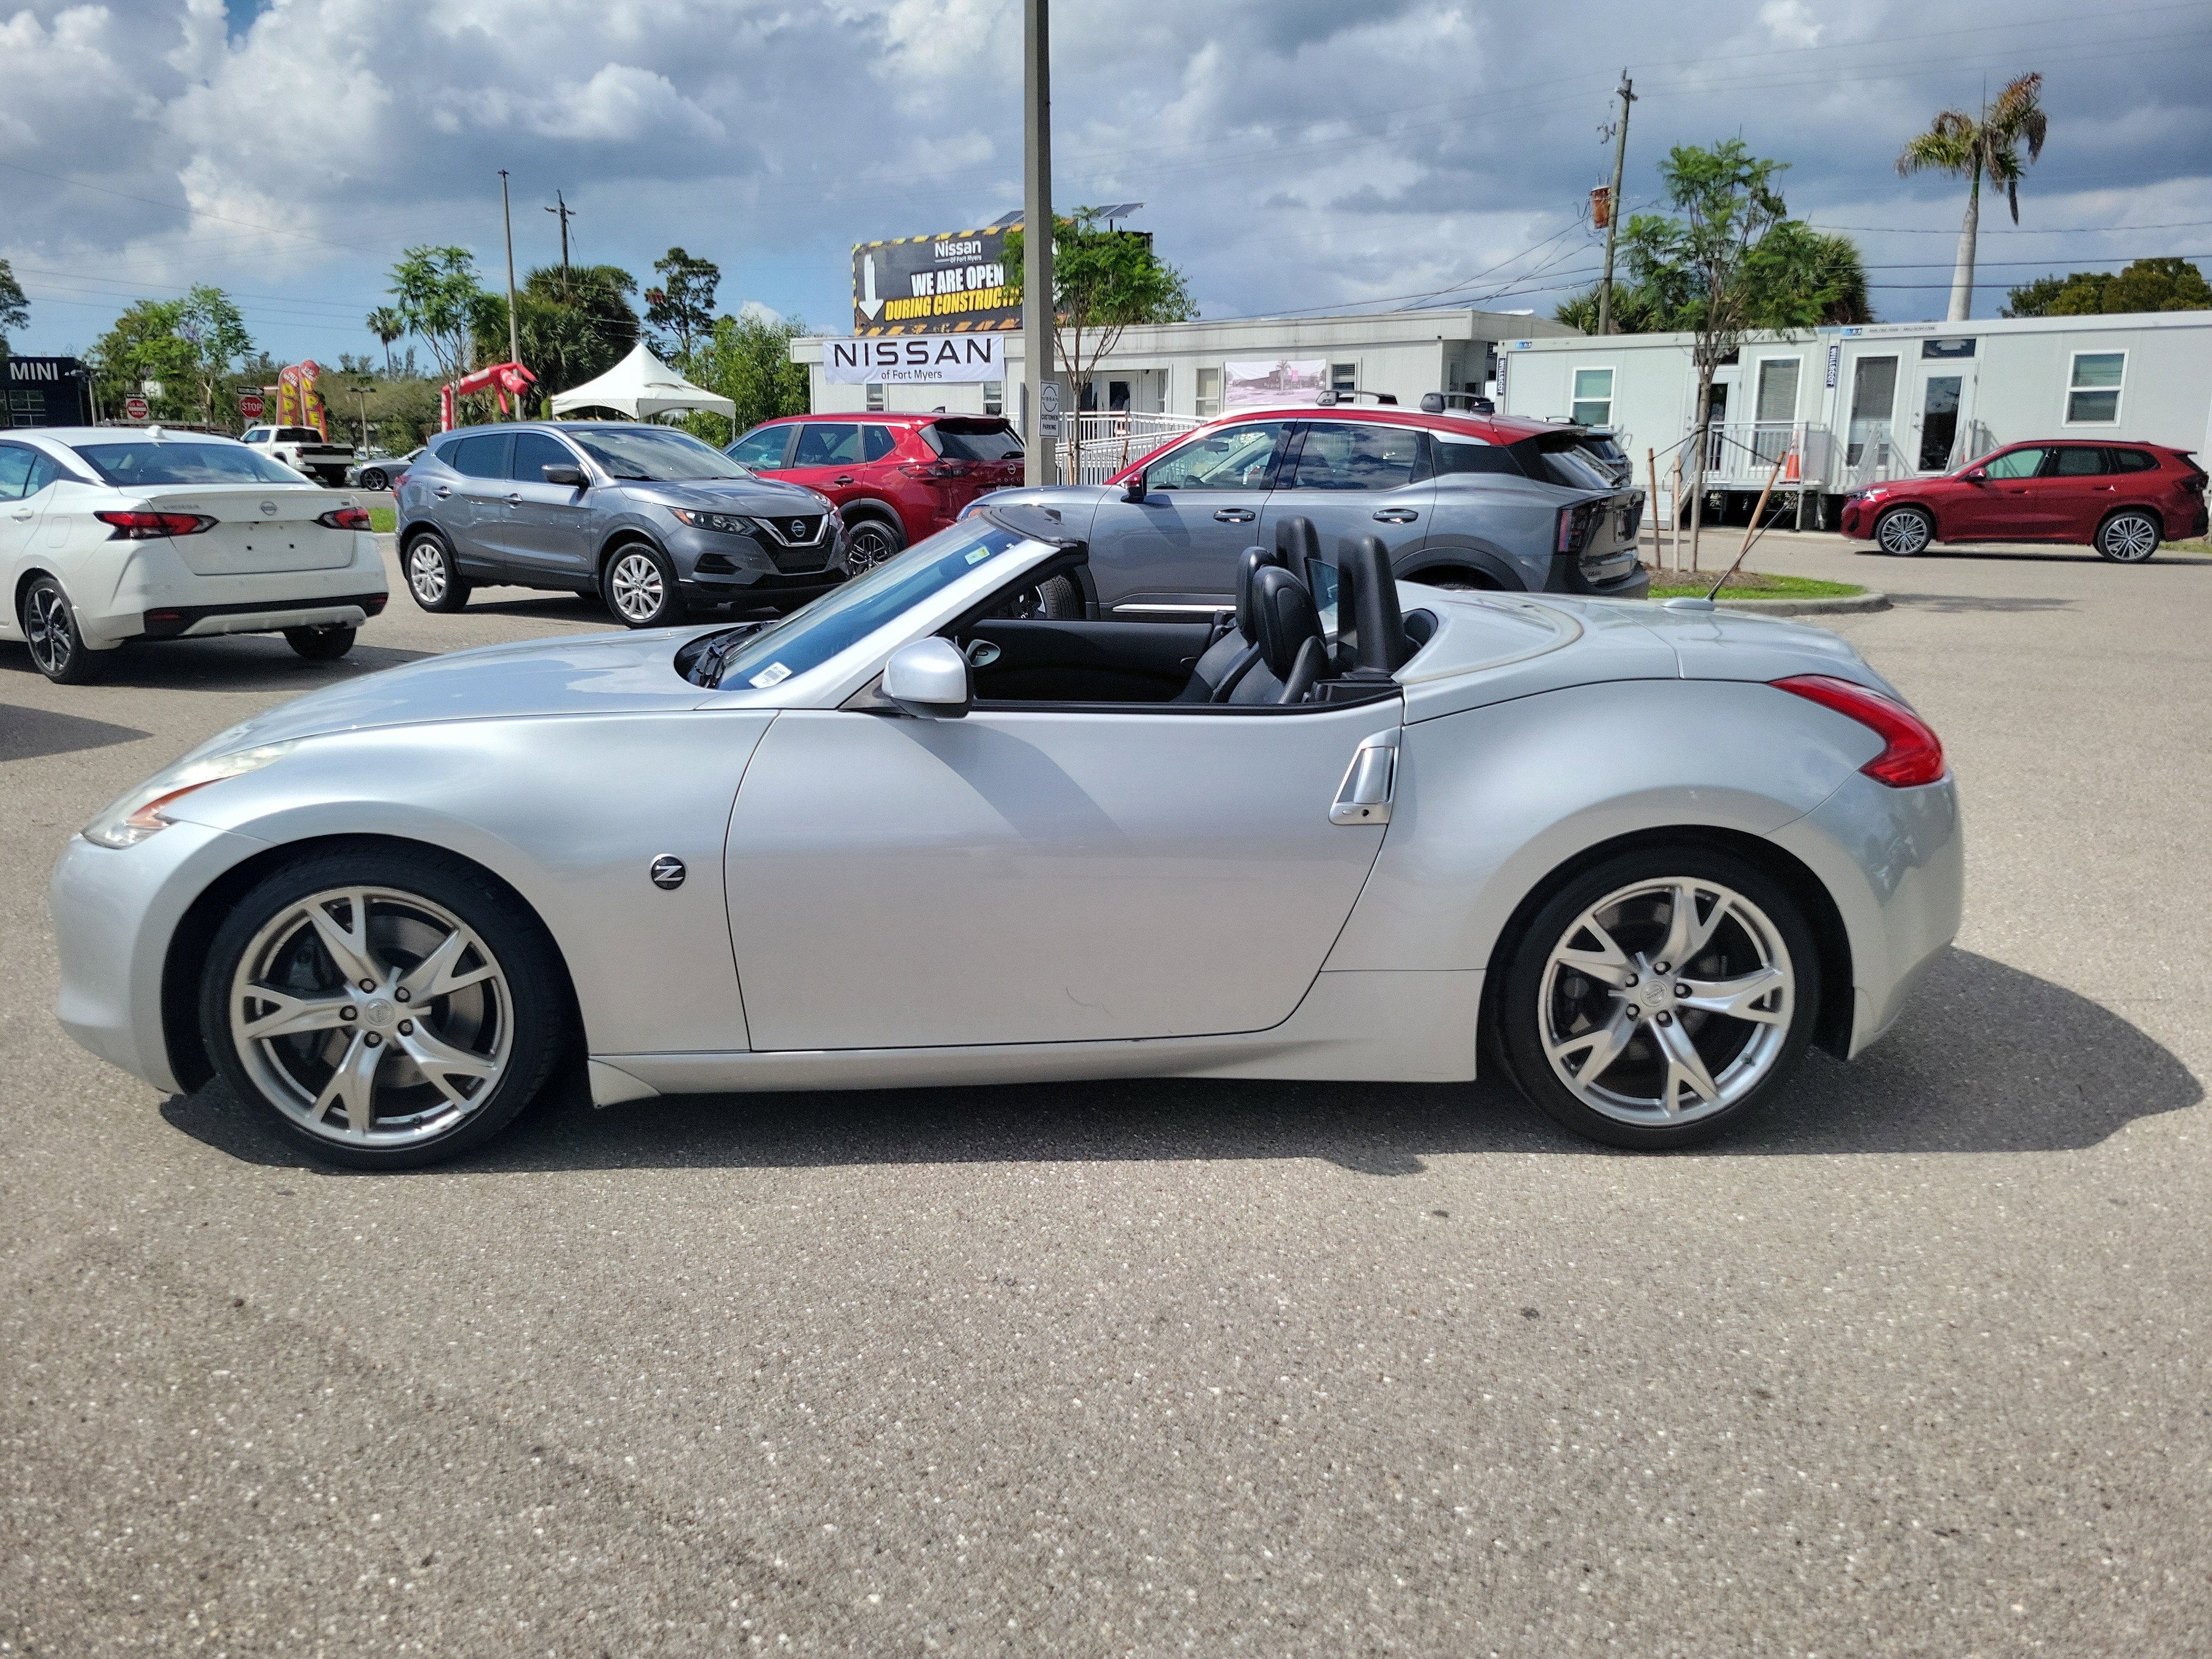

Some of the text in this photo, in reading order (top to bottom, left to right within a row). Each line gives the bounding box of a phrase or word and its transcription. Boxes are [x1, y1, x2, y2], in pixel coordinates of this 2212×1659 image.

[934, 240, 981, 258] Nissan
[911, 263, 1004, 297] WE ARE OPEN
[884, 295, 932, 321] DURING
[834, 338, 991, 368] NISSAN
[10, 362, 59, 380] MINI
[881, 369, 943, 381] of Fort Myers
[1497, 359, 1505, 394] WILLSCOT
[1827, 346, 1838, 386] WILLSCOT
[241, 402, 262, 411] STOP
[654, 865, 684, 881] Z

Your instructions
Wherever a picture appears in the records, omit it, and transcribe everything else exactly.

Exercise output
Some of the text in this photo, in reading order (top to bottom, left to right within a row). Each line gives the bounding box of a phrase or word and its transcription. Boxes are [x1, y1, x2, y2], in pixel coordinates of this 2212×1659 image.

[934, 240, 981, 258] Nissan
[911, 263, 1004, 297] WE ARE OPEN
[884, 295, 932, 321] DURING
[834, 338, 991, 368] NISSAN
[10, 362, 59, 380] MINI
[881, 369, 943, 381] of Fort Myers
[1497, 359, 1505, 394] WILLSCOT
[1827, 346, 1838, 386] WILLSCOT
[241, 402, 262, 411] STOP
[654, 865, 684, 881] Z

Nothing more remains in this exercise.